As the story goes, Rachel is brutally murdered one Christmas Eve in her bedroom. One of the sons, Jack, is immediately pegged as the suspect, due to his difficult personality and trouble-making ways. He’s pretty much immediately convicted and dies in prison a few months later. The show starts 18 months after Rachel’s murder on the weekend of Leo’s remarriage to the much younger Gwenda, who was his secretary and with whom he was having an affair while Rachel was still alive. The four remaining young adult Argyll children have a variety of responses to the present situation from self-harm, to emotional distance, fury and a naiveté that seems somewhat unlikely. Suddenly, a young man appears saying he had given a ride to Jack the night of the murder at the time of the murder, which, if true, would mean that Jack didn’t do it. And, in true Agatha Christie manner, if Jack didn’t do it, then who did?
Through a series of flashbacks, we see the damage that Rachel did to her children and we’re left believing that any one of them could be the culprit. I wasn’t at all familiar with the book and story, which was fun because I didn’t go in with any knowledge. It’s also notable that they changed the story ending and the murderer from the book, which would have been a big surprise to those who knew the book. As with Murder on the Orient Express, everyone and anyone could have done it, though this story is much darker and there isn’t a whole lot of sadness for Rachel.
Critically, I can say that they probably could have taken two episodes to tell the story versus the three in the series. There is a preponderance of repetitive flashbacks, ticking clocks and dripping blood. All that said, the acting is well done, the costumes are gorgeous, and, to the point of this blog post, the setting is amazing.

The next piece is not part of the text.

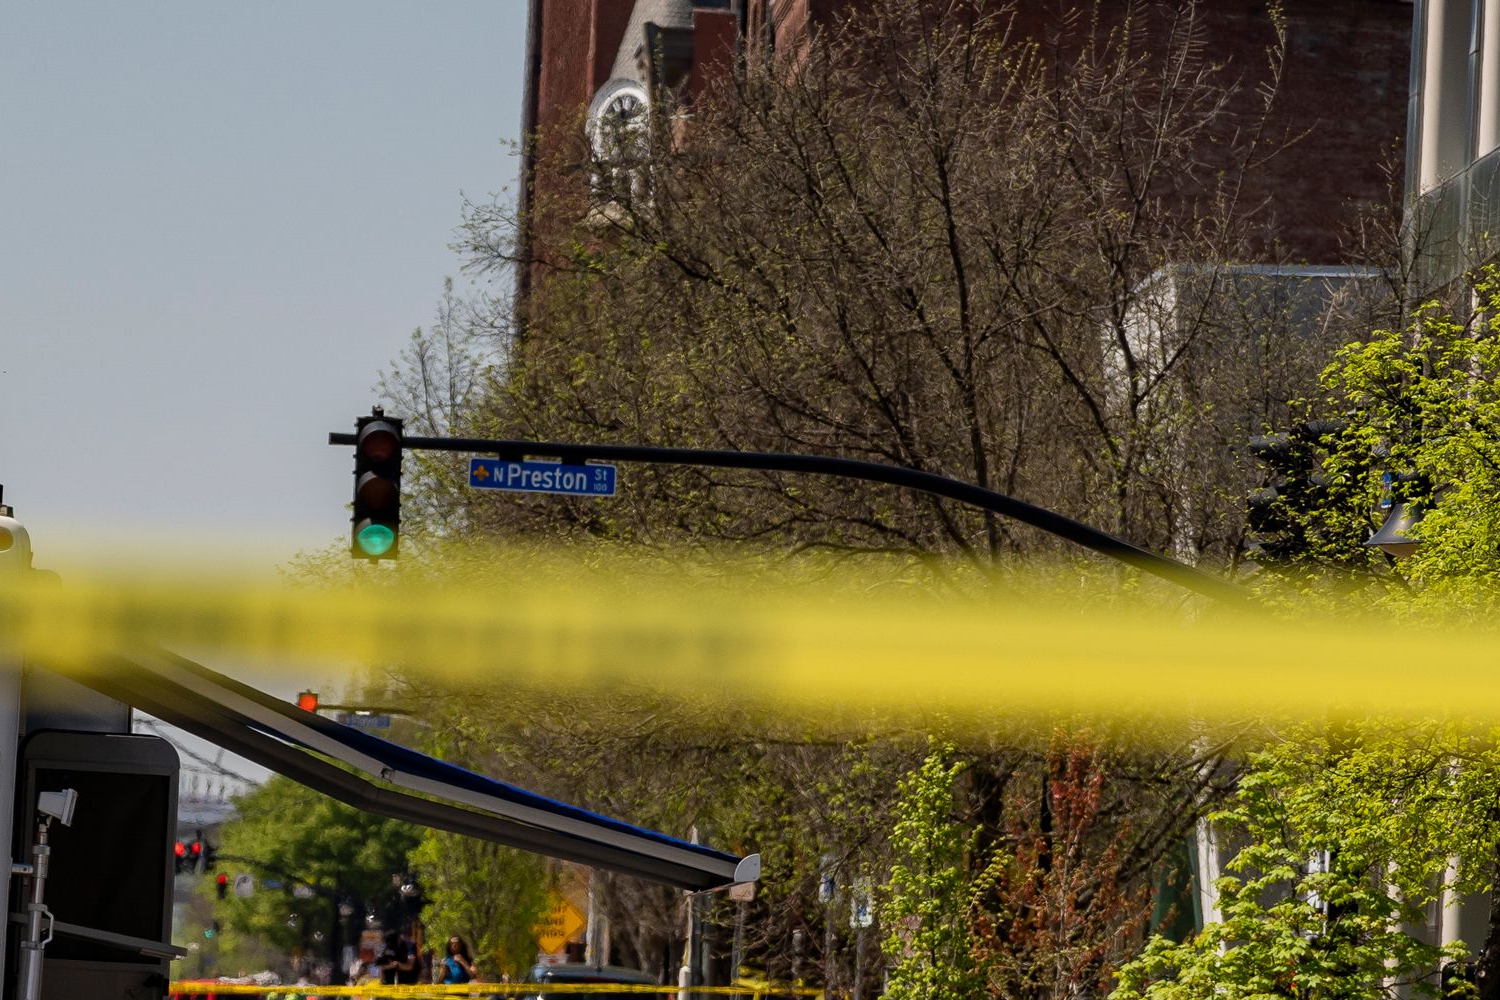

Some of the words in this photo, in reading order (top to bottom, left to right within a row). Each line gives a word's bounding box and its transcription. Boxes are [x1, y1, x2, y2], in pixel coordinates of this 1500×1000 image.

[493, 467, 503, 483] N
[507, 464, 587, 490] Preston
[594, 468, 608, 481] St
[593, 483, 608, 492] 100

Ordeal by Innocence was filmed at Ardgowan Estate in Scotland, a late 18th century mansion. Like many beautiful old homes in the UK, Ardgowan is available for rental, weddings, special events and filming. And, much like Highclere Castle in Downton Abbey, Ardgowan got a much needed influx of cash from the production which has gone into updating the estate. From what I’ve read, the production did quite a lot of updating on its own – from new carpets and wall colors, to furnishings, window treatments, etc. brought in for the filming. Notably, the actor originally set to play Michael Argyll, one of the Argyll sons, was accused of sexual misconduct after the production had finished filming. The BBC originally postponed the Christmas air date and then after more allegations came out, decided to recast and reshoot. They ended up reshooting 35 scenes over the course of 2 weeks or so. This meant they had to redress the house to match the original, bring on the furnishings again, etc. I read that they were happy the owners liked the new paint colors and carpets, because they hadn’t ripped them out, which would have meant re-doing all of that as well.
Anyway, that’s a long exposition so I can share images from the show and also from the estate itself.

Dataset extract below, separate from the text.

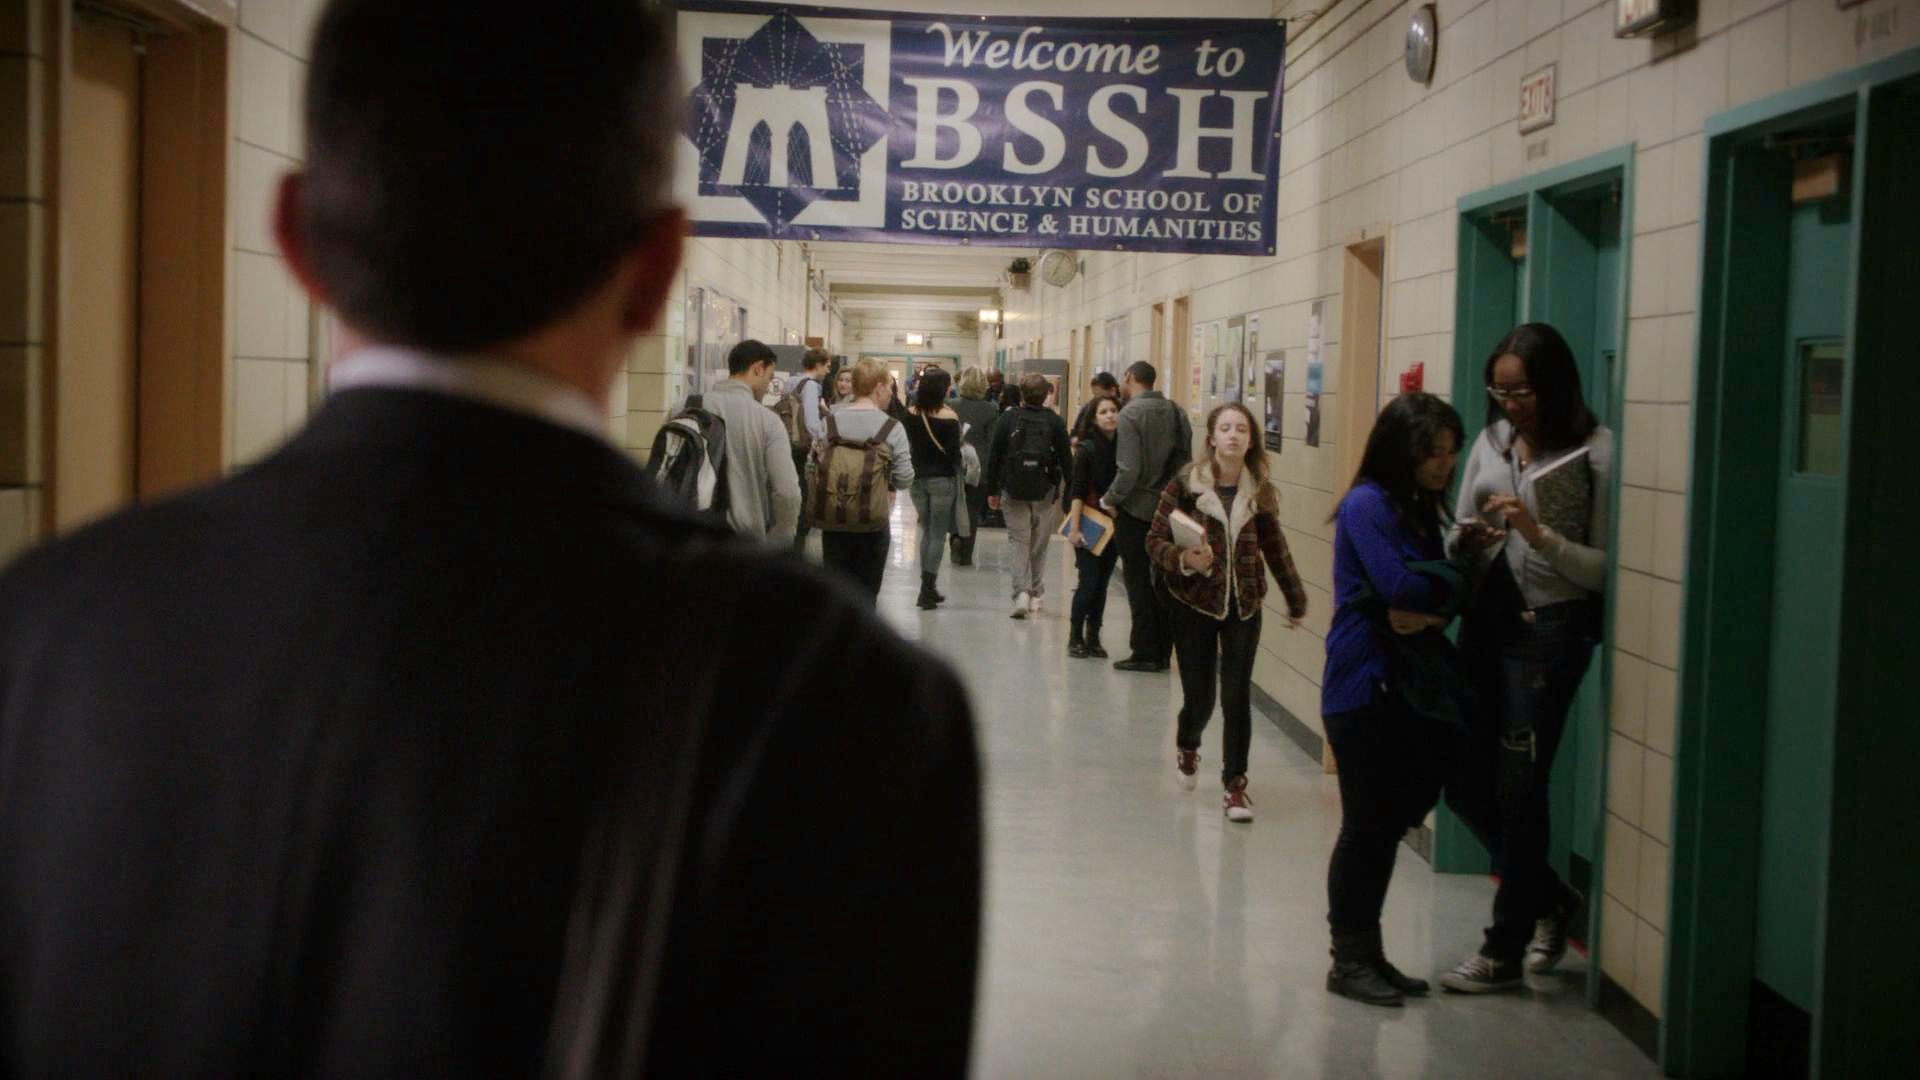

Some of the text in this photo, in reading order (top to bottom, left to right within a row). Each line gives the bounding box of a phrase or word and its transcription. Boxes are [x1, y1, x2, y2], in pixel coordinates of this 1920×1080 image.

[925, 22, 1245, 77] Welcome to
[900, 77, 1268, 181] BSSH
[902, 181, 1263, 214] BROOKLYN SCHOOL OF
[901, 209, 1262, 242] SCIENCE & HUMANITIES

Several scenes take place in the conservatory, including this flashback to the schooling Rachel gave the five children. Seems an idyllic place, on the surface, which is sort of the theme of the story.
The Conservatory – Ordeal by Innocence
Moving forward, Jack hidden in the back middle, is causing trouble for his mother and the local constable, though it’s clear his issues stem from something very serious indeed.
And then in the present day of the story, a nervous Dr. Calgary has come forward offering an alibi for the doomed Jack, who has already died in prison.
Dr. Calgary and Leo Argyll (Bill Nighy in a very controlled performance) in the conservatory.
Sisters Christina (Chrystal Clark) and Mary (Eleanor Tomlinson) square off on the conservatory. Mary is all fury and Christina, aka Tina, is distantly removed from emotion.
The Dining Room – Ordeal by Innocence
After the flashback to the murder scene, the show starts with the introduction to the Gwenda character (the soon to be new Mrs. Argyll played by Alice Eve) as she swans about the house making sure everything is just so. Initially, it’s not clear who she is, but she sure seems in charge, at first.
A closeup featuring Eleanor Tomlinson and the detail of the drapery fabric.
From the Ardgowan estate website, we see a bridal photo taken in the “dining room” (Note, it’s not the actual estate dining room).
And another shot of a wedding dinner set up as this is actually an open space available for rental and setup as needed.
And here’s an empty photo of the room. Note the jib door to the right of the fireplace. It’s also visible in the screen grab below of the dining room, except that the bas relief panel above the fireplace was replaced with a piece of modern art for the production.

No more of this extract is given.